|2007 GSA Denver Annual Meeting (28-31 October 2007)|
|Paper No. 118-5|
|Presentation Time: 1:30 PM-5:30 PM|
MANHATTAN GEOLOGY FROM THE BOTTOM UP
The excavation of rock at depths between 500 and 800 feet below the surface of Manhattan for New York City Water Tunnel #3 has provided a unique opportunity to observe the bedrock geology of New York City. Excavation has been accomplished by drilling and blasting, tunnel boring machine (TBM), and by raised boring techniques (at shaft sites). Rocks encountered include; biotite-muscovite schist, phlogopite schist and schistose gneiss, amphibolites, serpentinites, quartzo-felspathic pegmatite, aplite, quartzite, granitic gneiss and calcitic, dolomitic and siliceous marble. Talc, asbestiform amphibole, and kyanite have also been observed. Some of the metamorphic bedrock is highly garnetiferous. Garnet has also been found in some of the pegmatite, perhaps as a refractory residue of anatexis. Magnetite concentrations as high as 23% by weight, have been observed in some of the schist. Pyrite rich zones, perhaps a hydrothermal replacement, are seen, in places, in the marble. The metamorphic rock is not homogenous. This may reflect variability in the protolith. Solution voids in the marble have been detected at depths as great as 200 feet below the surface. Soils include glacially derived materials, saprolites, and anthropogenic fill. Depth to bedrock varies from 0 to over 100 feet. Bedrock is mainly Cambro-Ordovician in age, underlain unconformably by Neo-Proterozoic rocks. All of these rocks were affected by the Taconic and Acadian Orogenies, Neo-Proterozoic rocks by the Grenville Orogeny as well. Overturned folds and fault related structures are easily observed in the tunnel.

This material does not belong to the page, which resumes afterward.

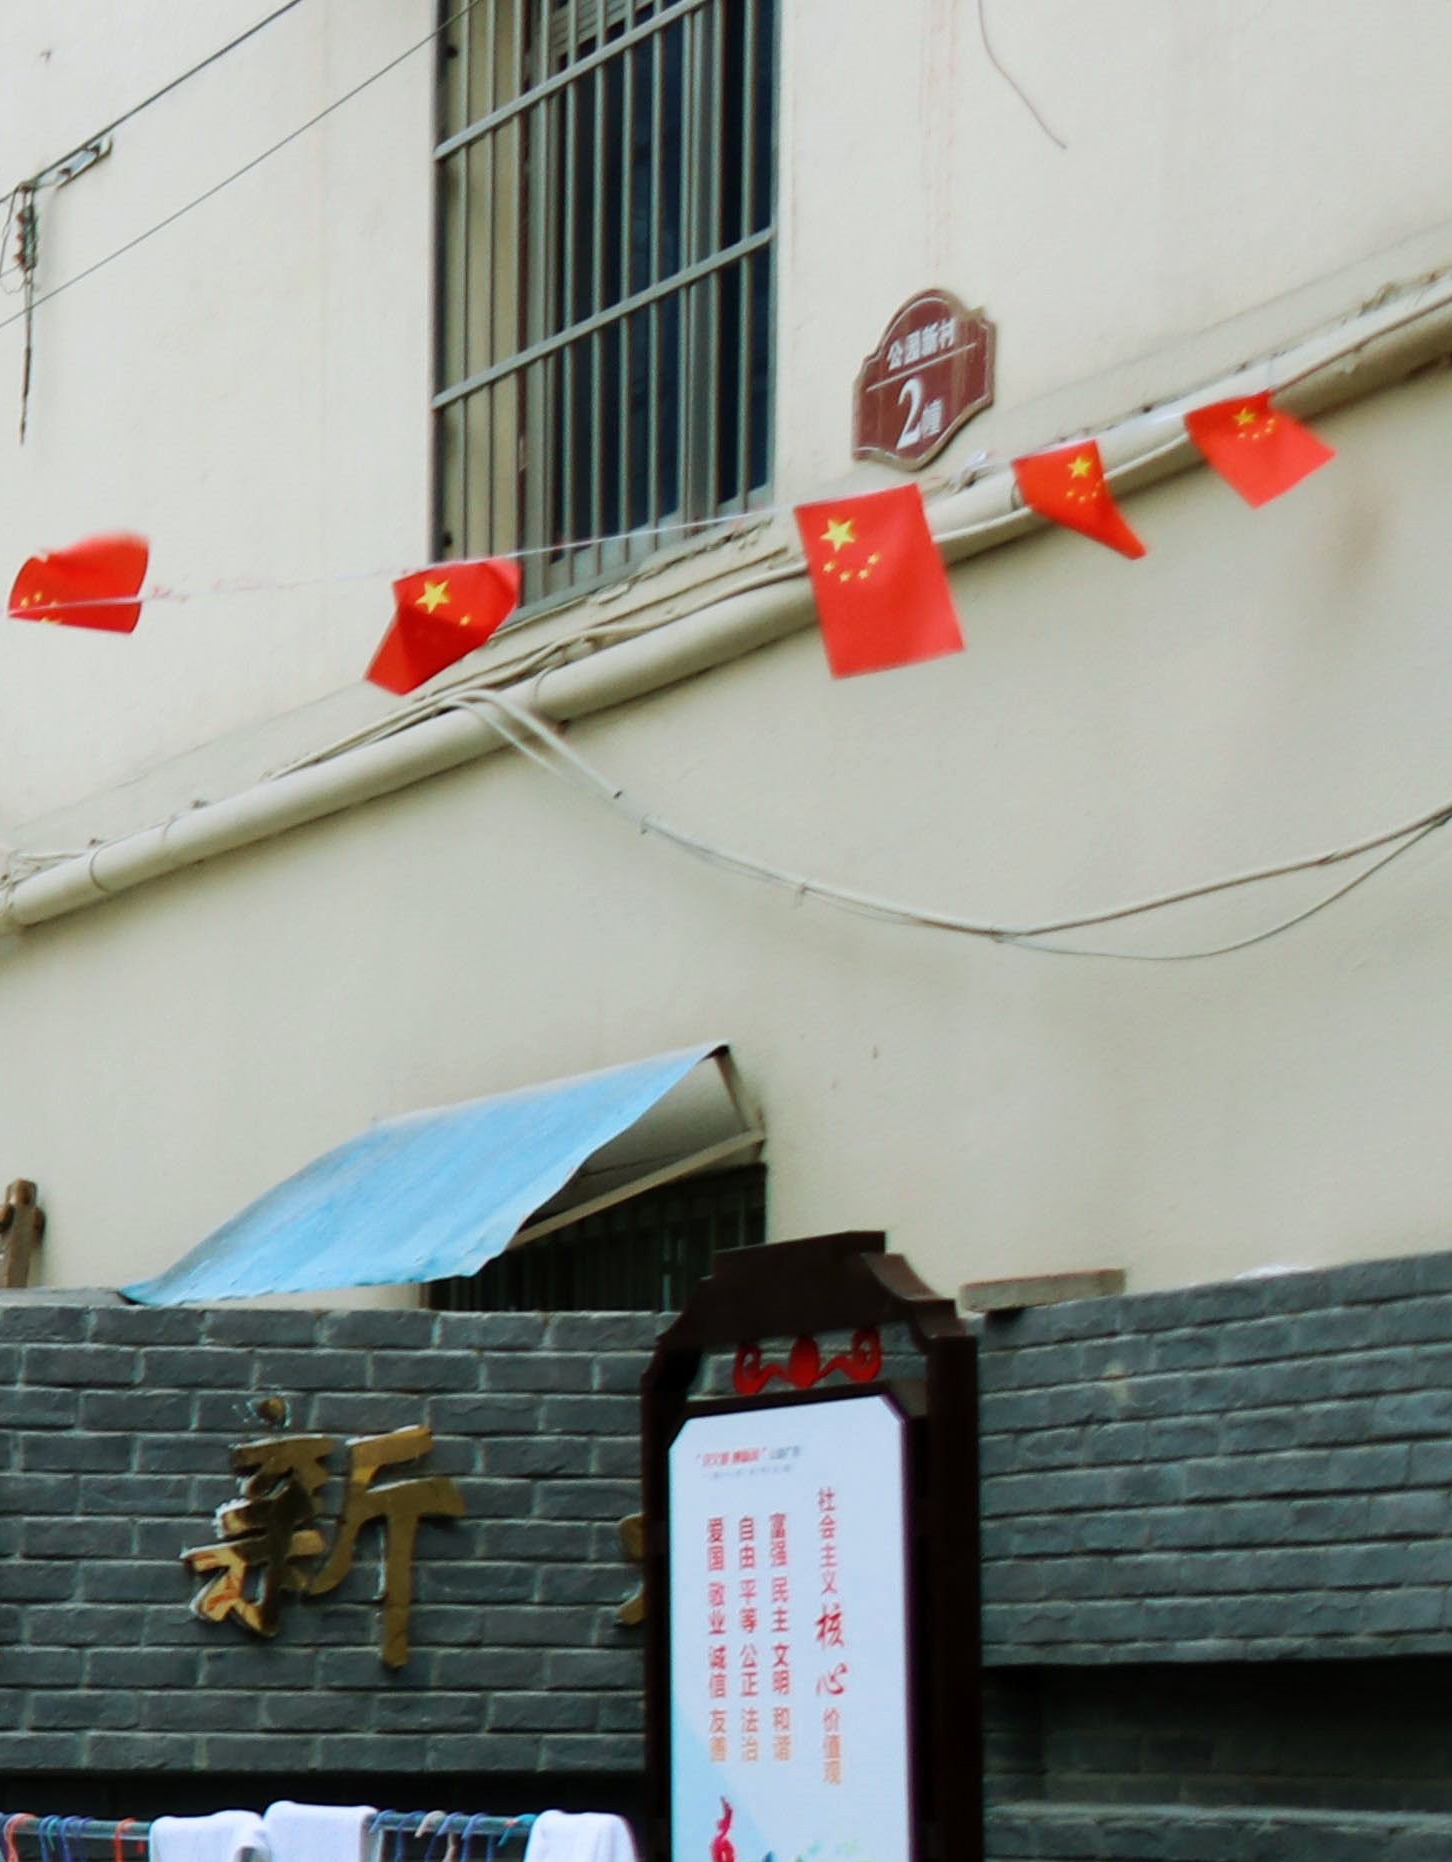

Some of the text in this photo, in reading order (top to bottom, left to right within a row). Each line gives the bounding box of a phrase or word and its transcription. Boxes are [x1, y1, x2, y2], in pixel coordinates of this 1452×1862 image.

2007 GSA Denver Annual Meeting (28-31 October 2007)
|Session No. 118--Booth# 178|
Involvement in Geological Research: Close Collaboration among the Faculty and Undergraduate and K-12 Students (Posters)
Colorado Convention Center: Exhibit Hall E/F
1:30 PM-5:30 PM, Monday, 29 October 2007
Geological Society of America Abstracts with Programs, Vol. 39, No. 6, p. 327
© Copyright 2007 The Geological Society of America (GSA), all rights reserved. Permission is hereby granted to the author(s) of this abstract to reproduce and distribute it freely, for noncommercial purposes. Permission is hereby granted to any individual scientist to download a single copy of this electronic file and reproduce up to 20 paper copies for noncommercial purposes advancing science and education, including classroom use, providing all reproductions include the complete content shown here, including the author information. All other forms of reproduction and/or transmittal are prohibited without written permission from GSA Copyright Permissions.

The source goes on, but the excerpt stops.